Jugando al escondite (¡Manda huevos!)

El Sr. Trillo Figueroa pasaba hasta hace unos años por ser hombre pulido y simpático que había desarrollado dentro del Partido Popular (PP) lo que podríamos denominar una muy brillante carrera política que le llevó primero a ocupar la Presidencia del Congreso de los Diputados (1996-2000) y luego la cartera del Ministerio de Defensa (2000-2004). Dos anécdotas de esos años lo hicieron muy popular. De su época como Presidente del Congreso, todo el mundo recuerda su campechana exclamación, ¡manda huevos!, pronunciada en el hemiciclo del Congreso tras leer el enunciado de una enrevesada enmienda del Senado, inconsciente de que el micrófono del hemiciclo estaba abierto. La anécdota que causo sensación y polémica a su llegada al Ministerio de Defensa fue la decisión de instalar un enorme mástil en la Plaza del Descubrimiento de Madrid del que pendía una bandera roja y gualda de dimensiones gigantescas (249 metros cuadrados) con la que el ministro quería hacer patente su ilimitado afecto a la enseña nacional, emblema de la unidad de España.

El idílico devenir de su vida política se vio truncado en la madrugada del 26 de mayo de 2003 cuando un avión Yakolev con tripulación ucraniana se estrellaba en Trebisonda (Trabzon, Turquía) y perdían la vida 62 militares españoles que regresaban a España tras pasar cuatro meses y medio cumpliendo una arriesgada misión en Afganistán bajo bandera de la OTAN. A partir de ese momento fatídico, el Gobierno del Sr. Aznar adoptó una serie de decisiones dignas de pasar, junto con el intento de culpar a ETA de los atentados terroristas del 11M, a la historia de la infamia política de la joven democracia española. Había prisa por pasar página a un tan lamentable suceso y tras reunirse con el Presidente Aznar en La Moncloa, el Sr. Trillo ordenó al teniente general Beltrán que coordinara la operación de repatriación para “cuanto antes traernos los cadáveres a casa”. Urgía poner a los militares en el hoyo para que los políticos siguieran en el bollo. El teniente general y el equipo médico encabezado por el general Navarro cumplieron las órdenes recibidas y trasladaron los restos a la base de Torrejón de Ardoz, ocultando que 30 de los cadáveres entregados no habían podido ser identificados a causa de las severas mutilaciones sufridas por los cuerpos, como acredita el acta entregada por los forenses turcos y en la que el teniente general Beltrán estampó su firma.
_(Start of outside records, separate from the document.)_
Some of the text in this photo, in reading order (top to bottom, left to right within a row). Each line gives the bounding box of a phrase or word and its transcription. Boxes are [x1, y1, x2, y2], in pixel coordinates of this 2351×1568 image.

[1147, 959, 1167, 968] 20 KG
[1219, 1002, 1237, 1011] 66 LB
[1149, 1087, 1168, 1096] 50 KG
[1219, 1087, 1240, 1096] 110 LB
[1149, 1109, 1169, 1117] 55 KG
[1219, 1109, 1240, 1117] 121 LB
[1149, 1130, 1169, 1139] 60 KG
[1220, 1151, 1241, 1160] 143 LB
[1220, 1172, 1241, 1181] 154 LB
El impresionante funeral de Estado se celebró en medio de una gran tensión y algunos familiares, rompiendo el protocolo y venciendo su estupor y dolor, se atrevieron a increpar a las autoridades políticas y militares presentes achacándoles la responsabilidad de lo sucedido. A partir de ese momento, comenzó el terrible peregrinaje de los familiares de los fallecidos al Ministerio de Defensa. Al principio, los recibieron con algunas buenas palabras pero en cuanto insistieron en conocer más detalles sobre lo sucedido fueron despedidos con cajas destempladas y hasta tachados de locos. Por fin, los familiares se decidieron a presentar una querella criminal el 27 de octubre de 2003 que fue rechazada el 13 de noviembre por la magistrada de la Audiencia Nacional Teresa Palacios, aduciendo que el accidente se había producido fuera del territorio nacional. Terminada su odisea por el ministerio de Defensa, comenzaban los familiares de las víctimas otra odisea, esta vez en la Audiencia Nacional (AN).
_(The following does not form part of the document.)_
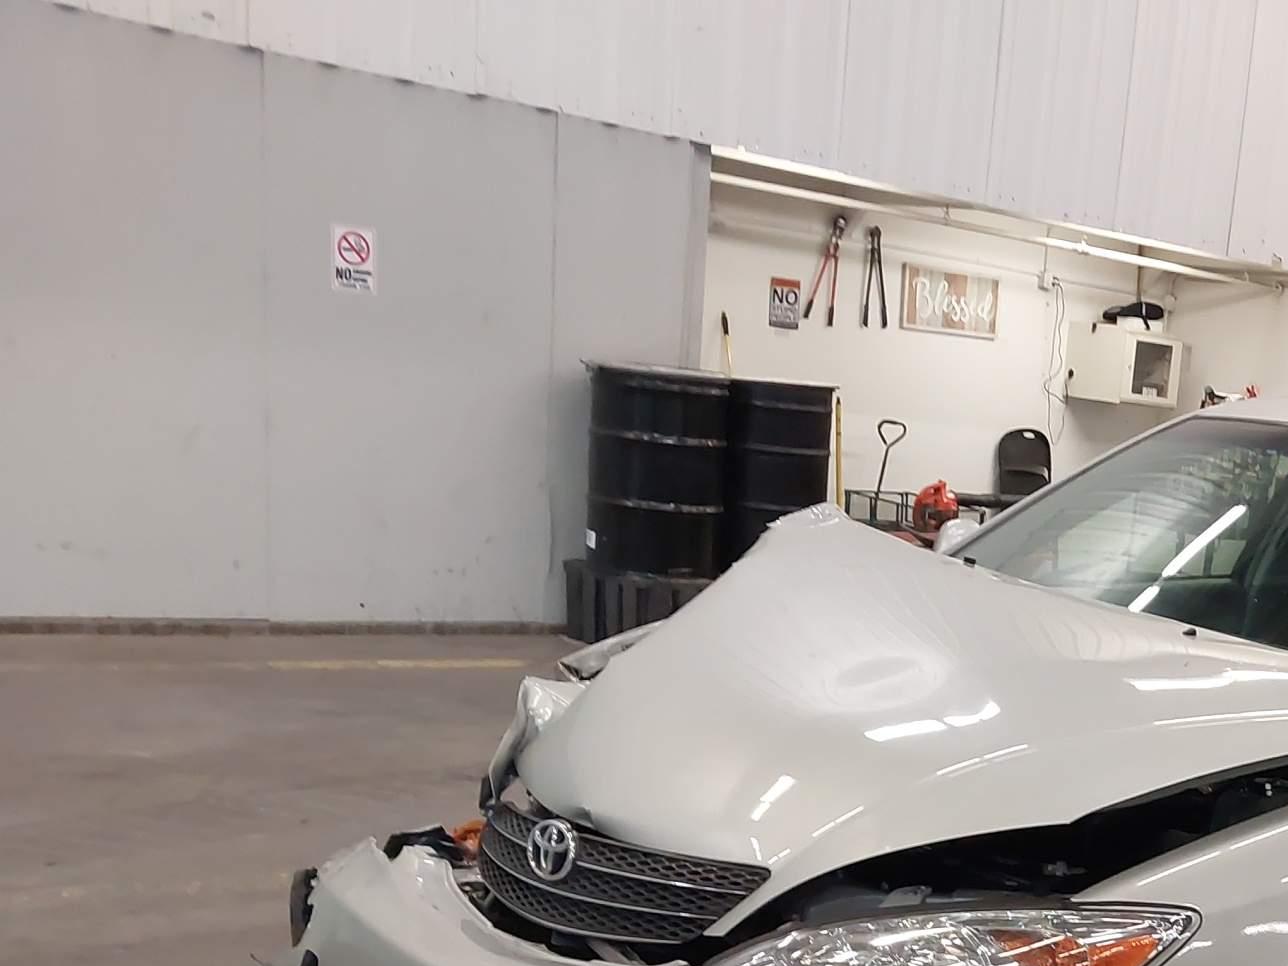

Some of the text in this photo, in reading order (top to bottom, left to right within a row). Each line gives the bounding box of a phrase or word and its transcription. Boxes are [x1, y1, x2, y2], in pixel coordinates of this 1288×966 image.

[335, 266, 352, 281] NO
[772, 287, 798, 306] NO
[912, 276, 993, 322] Blessed
El 4 de marzo de 2004 el Heraldo de Aragón y El País publicaron el acta redactada por los forenses turcos de la que se desprende que 30 cadáveres no estaban identificados. No obstante, la magistrada Palacios decide archivar la causa el 24 de marzo de 2004, pocos días después de que el PP perdiera las elecciones generales celebradas el 14 de marzo y pocos días antes de que se produjera el traspaso de poderes al primer gobierno del Sr. Rodríguez Zapatero. Comprobados al menos 22 errores en la identificación de los cadáveres, la Sala de lo Penal de la AN se declaró competente el 15 julio de 2004 y conminó a la magistrada Palacios, por posible dejación de sus responsabilidades, a investigar a quienes contrataron el avión y a los generales responsables de las falsas identificaciones. En 2005, el Congreso reprobó al Sr. Trillo por las responsabilidades políticas incurridas. Sin embargo, el 29 de septiembre la magistrada Palacios firmó una providencia en la que exculpaba al Sr. Trillo de responsabilidades “porque no intervino ni impartió instrucciones” en el caso de la errónea identificación de cadáveres. La juez se tomó 6 meses para comunicarles la providencia a los familiares de las víctimas que recibieron la notificación el 26 de abril de 2006.
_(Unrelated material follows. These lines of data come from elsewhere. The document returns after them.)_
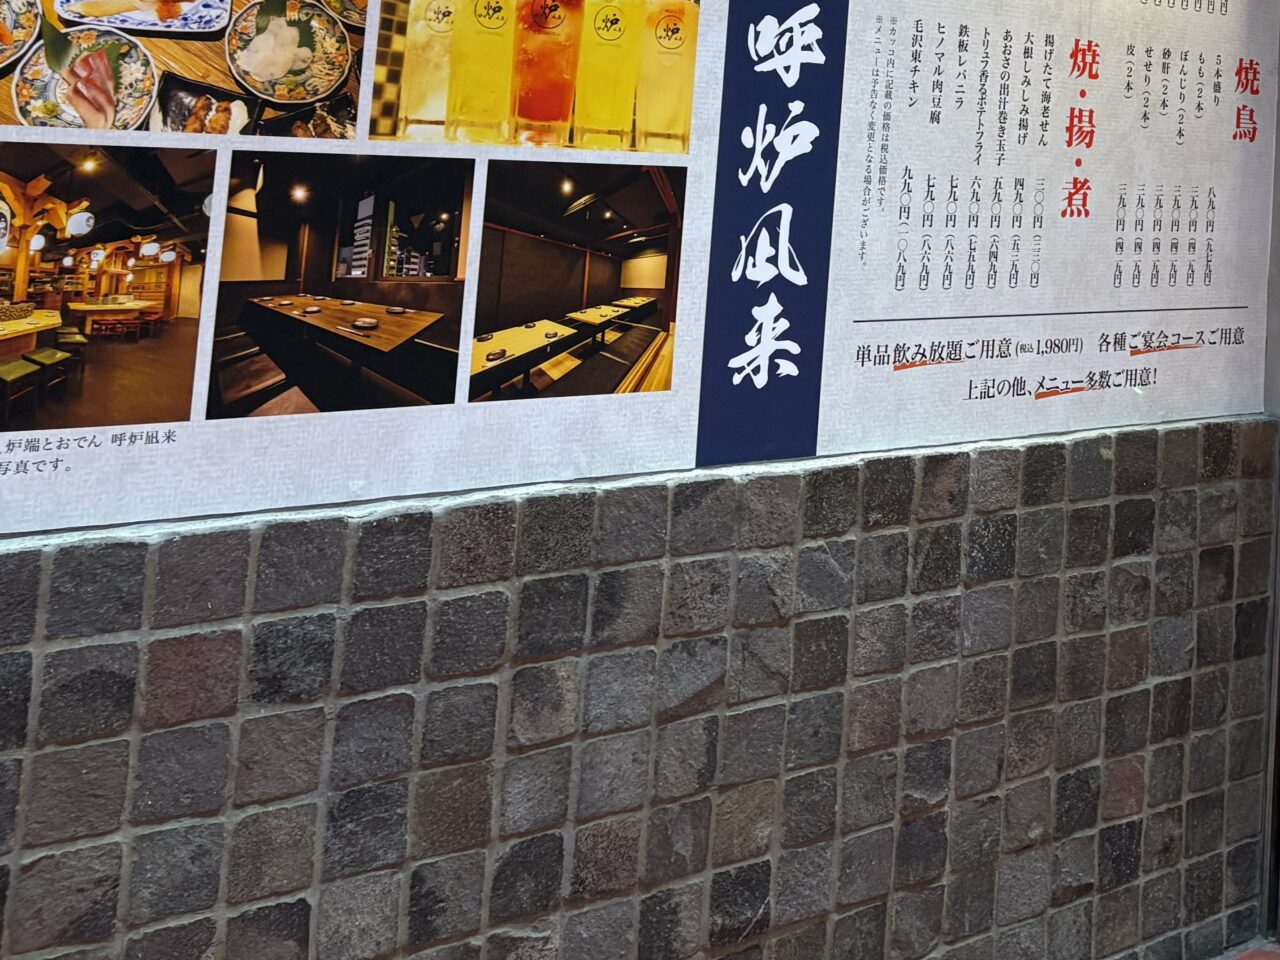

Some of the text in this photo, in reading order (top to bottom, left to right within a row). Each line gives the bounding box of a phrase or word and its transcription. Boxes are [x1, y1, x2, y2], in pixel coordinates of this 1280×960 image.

[907, 18, 924, 108] 毛沢東チキン
[929, 22, 946, 125] ヒノマル肉豆腐
[954, 23, 970, 110] 鉄板レバニラ
[973, 26, 991, 166] トリュフ香るポテトフライ
[993, 29, 1013, 167] あおさの出汁巻き玉子
[1017, 31, 1035, 146] 大根しみしみ揚げ
[1037, 33, 1055, 147] 揚げたて海老せん
[1213, 54, 1223, 108] 5本盛り
[1232, 57, 1261, 143] 焼鳥
[1060, 38, 1102, 219] 焼・揚・煮
[856, 338, 1012, 368] 単品飲み放題ご用意
[1097, 326, 1245, 353] 各種ご宴会コースご用意
[962, 367, 1158, 401] 上記の他、メニュー多数ご用意!
Unos meses más tarde, el juez Fernando Grande-Marlaska que había accedido a titular del Juzgado Central número 3 de la AN en enero de 2007, sustituyendo a la magistrada Palacios ascendida a magistrada de la Sala de lo Penal, intentó de nuevo archivar en junio de 2007 las dos causas abiertas, una por supuestas irregularidades en la contratación del vuelo y la otra por la por falsa identificación de los cadáveres. Según el juez el archivo de las causas se justificaba porque “la atribución aleatoria y errónea de identidades a los cadáveres es una conducta grave, pero irrelevante e inocua desde el punto de vista penal”. Afortunadamente, la Sala de lo Penal le obligó a reabrir la primera causa en enero de 2008, ordenando expresamente que se citara a declarar al ex-ministro Trillo, y la segunda causa el 29 de abril de 2008, apenas un mes antes de que prescribiera el caso. La falta de imparcialidad de la magistrada Palacios, en primer lugar, y del juez Grande-Marlaska, su sucesor en el Juzgado Central número 3, ponen los pelos de punta. ¿Qué clase de justicia cabe esperar del sistema judicial español cuando uno contempla comportamientos como los de la magistrada Palacios y el juez Grande-Marlaska? ¿Cómo es posible que el Consejo General del Poder Judicial, tan diligente para actuar contra el juez Tirado y la secretaria judicial Gálvez en el infortunado caso de la niña Mari Luz, no haya abierto expedientes a la magistrada Palacios y al juez Grande-Marlaska por intentar archivar las causas derivadas del fatal accidente sin investigarlo y dilatar los procedimientos para que prescribieran los delitos?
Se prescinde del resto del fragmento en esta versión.